Os que desconhecem o destino da Árvore, presumem-na parada porque preguiçosa, silenciosa porque desconfiada, isolada porque orgulhosa. Nem sabem que debaixo da terra, escondida da vista, a raiz que lhe deu vida, alimento, é também a sua prisão. Sob olhos do corvo que cuida de proteger a árvore. A levar surra das tempestades, e a cravar mais fundo as raízes, porque sair, não é movimento que se atribua a uma árvore. Uma árvore não sai. Uma árvore fica sempre, apesar de tudo. Mesmo que partida. Mesmo que quebrada. Depois assim parada já sem frutos, e ressequida na terra, a árvore parece sem préstimo, inútil. Parece desnecessária, supérflua, que ocupa espaço e usa recursos. A árvore.

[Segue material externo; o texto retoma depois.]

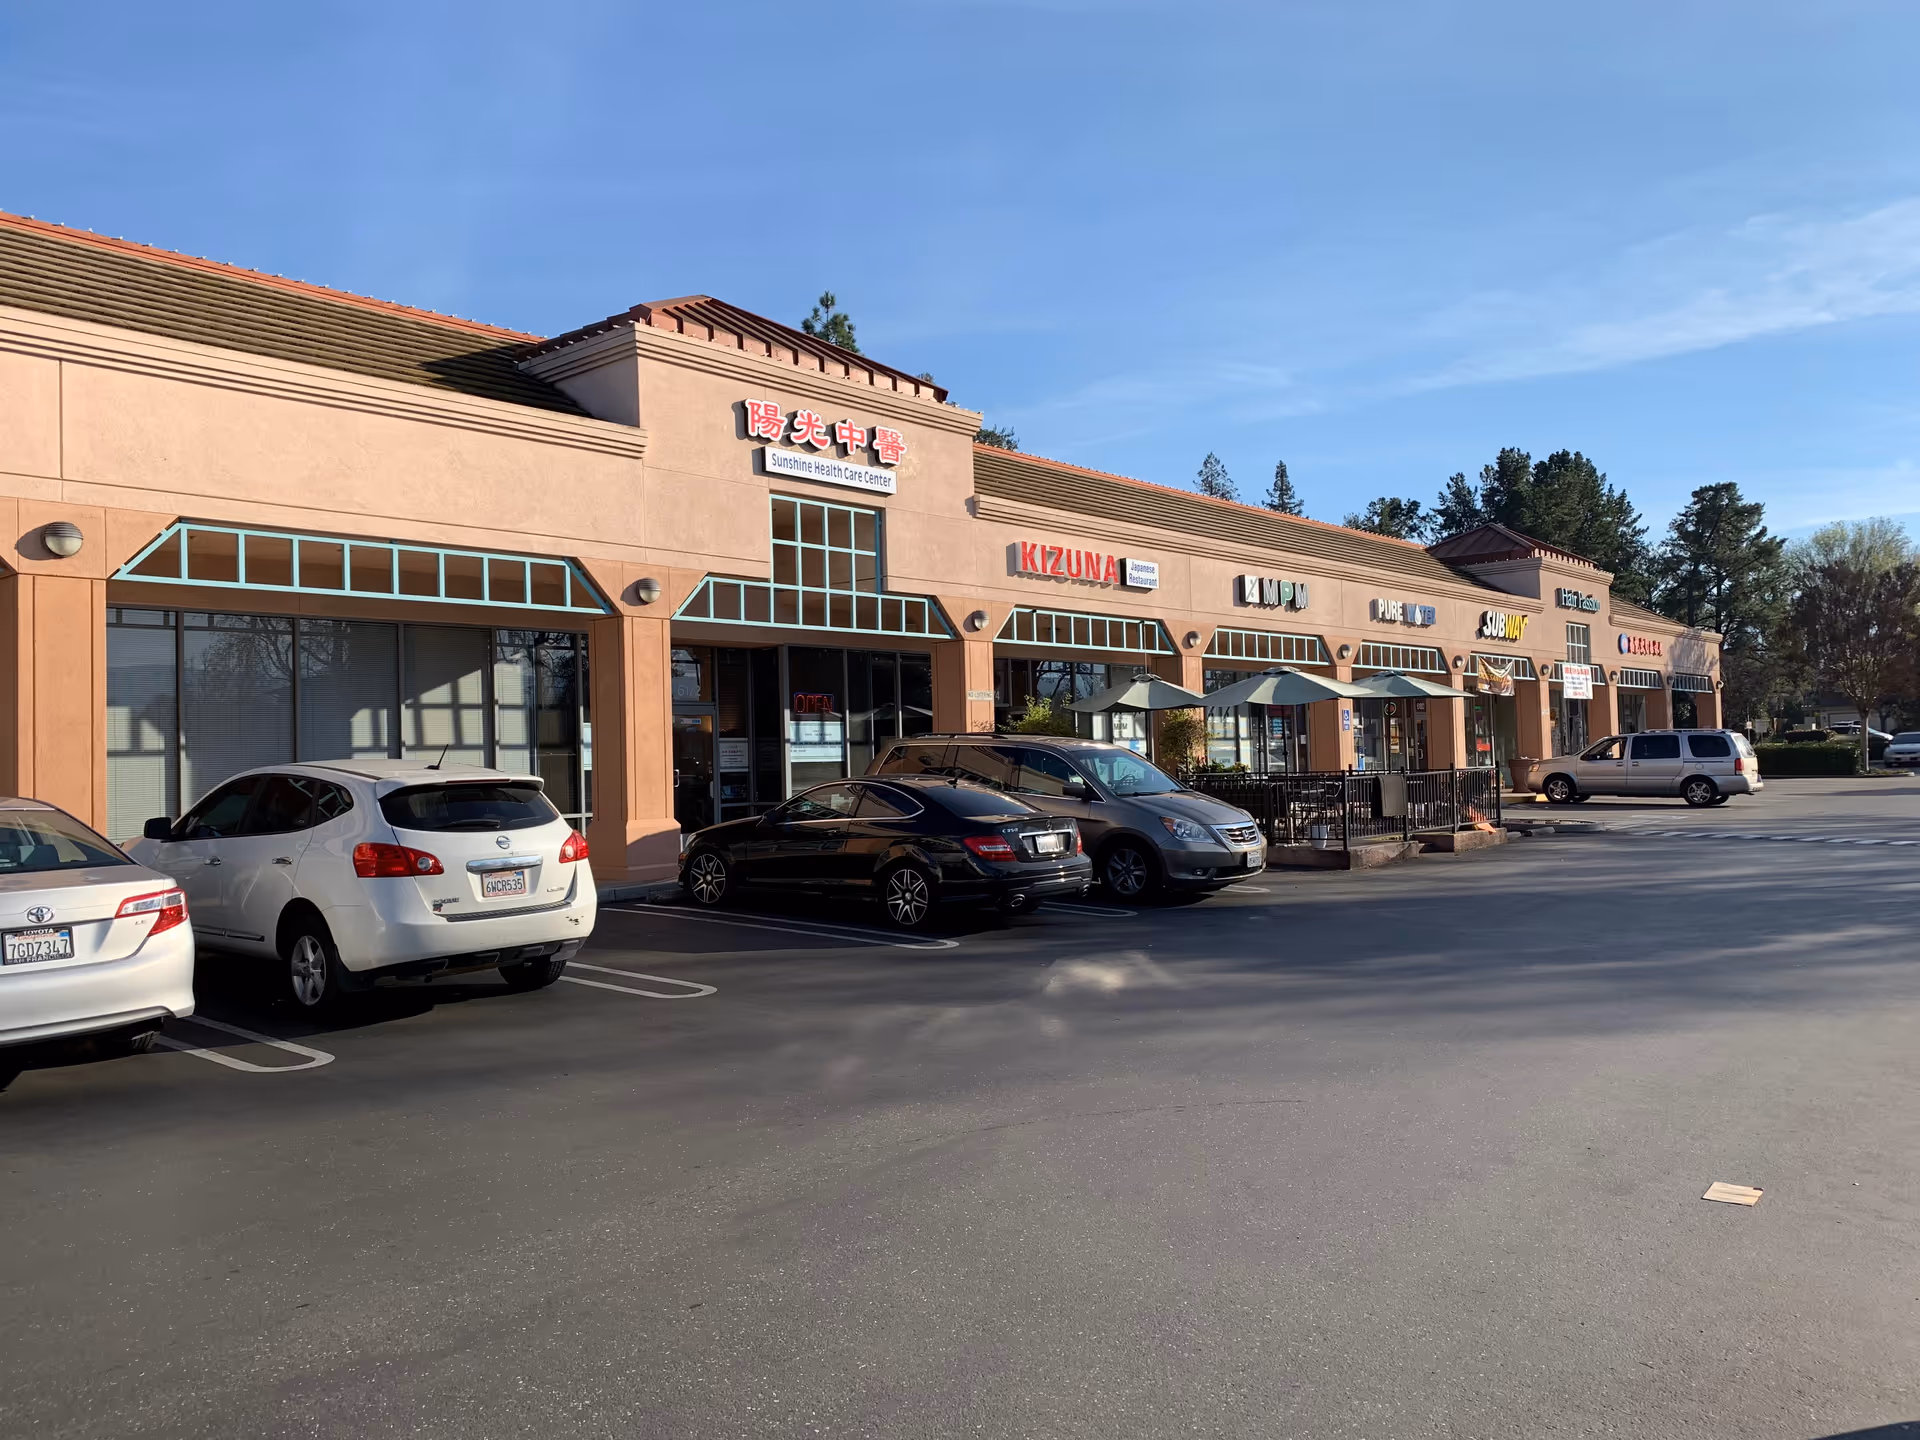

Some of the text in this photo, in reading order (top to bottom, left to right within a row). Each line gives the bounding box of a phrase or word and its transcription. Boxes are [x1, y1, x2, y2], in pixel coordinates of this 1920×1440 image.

[745, 399, 907, 465] 陽光中醫
[771, 453, 892, 487] Sunshine Health Care Center
[1020, 541, 1120, 584] KIZUNA
[1131, 561, 1155, 574] Japanese
[1129, 573, 1158, 587] Restaurant
[1263, 577, 1309, 609] MPM
[1378, 598, 1404, 621] PURE
[1482, 610, 1529, 640] SUBWAY
[796, 694, 833, 714] OPEN
[486, 878, 523, 893] 6WCR535
[23, 928, 54, 936] TOYOTA
[8, 939, 69, 959] 7GDZ347
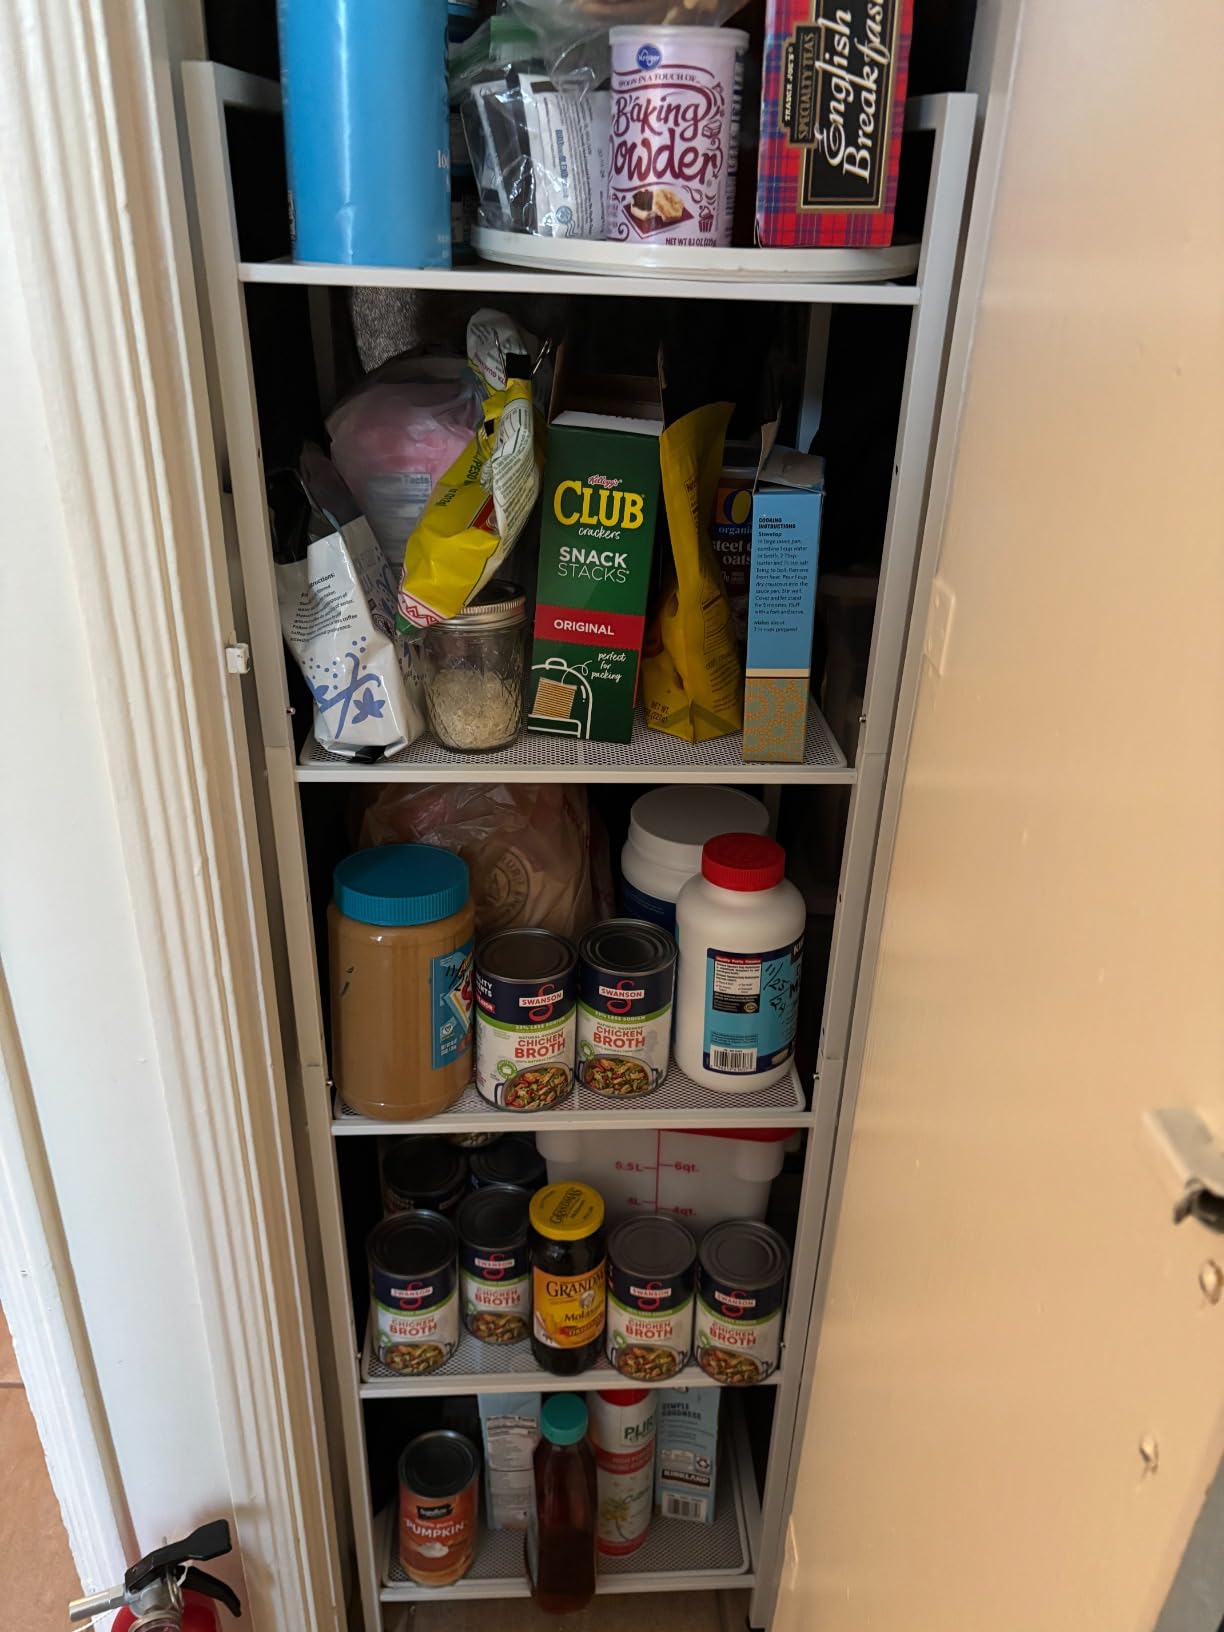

— Às vezes de noite, oiço a árvore a chorar, Mas eu venho aqui. Fazer-lhe companhia —, sorri, a engolir a água nos olhos.

No dia seguinte voltei para voltar a encontrar a mulher sentada ao lado da árvore. Velha como ela, com troncos compridos como os seus longos cabelos agora gastos, e em tempos brilhantes e floridos. Em tempos, árvore de flores e depois de frutos, sempre a mesma, com as raízes presas à casa onde criara oito filhos, só dois rapazes — com a sorte de serem meninos e de não terem de se segurar à terra, e dobrar para não tombar na surra das intempéries. Os meninos que podem escolher em vez de ser escolhidos, e estudar em vez de dar frutos, e ser estrada e não só coisa viva, cravada no mesmo lugar.

Ontem li sobre a proibição das mulheres afegãs ouvirem as vozes umas das outras. Tão distante. Parece. Mas aqui tão perto: li sobre os movimentos incels e o movimento tradwifes, e o grupo do Telegram onde milhares devassavam a privacidade de mulheres. Apeteceu-me pousar os gadgets. Precisamos de inventar novos dicionários. Precisamos de novas palavras para a humanidade.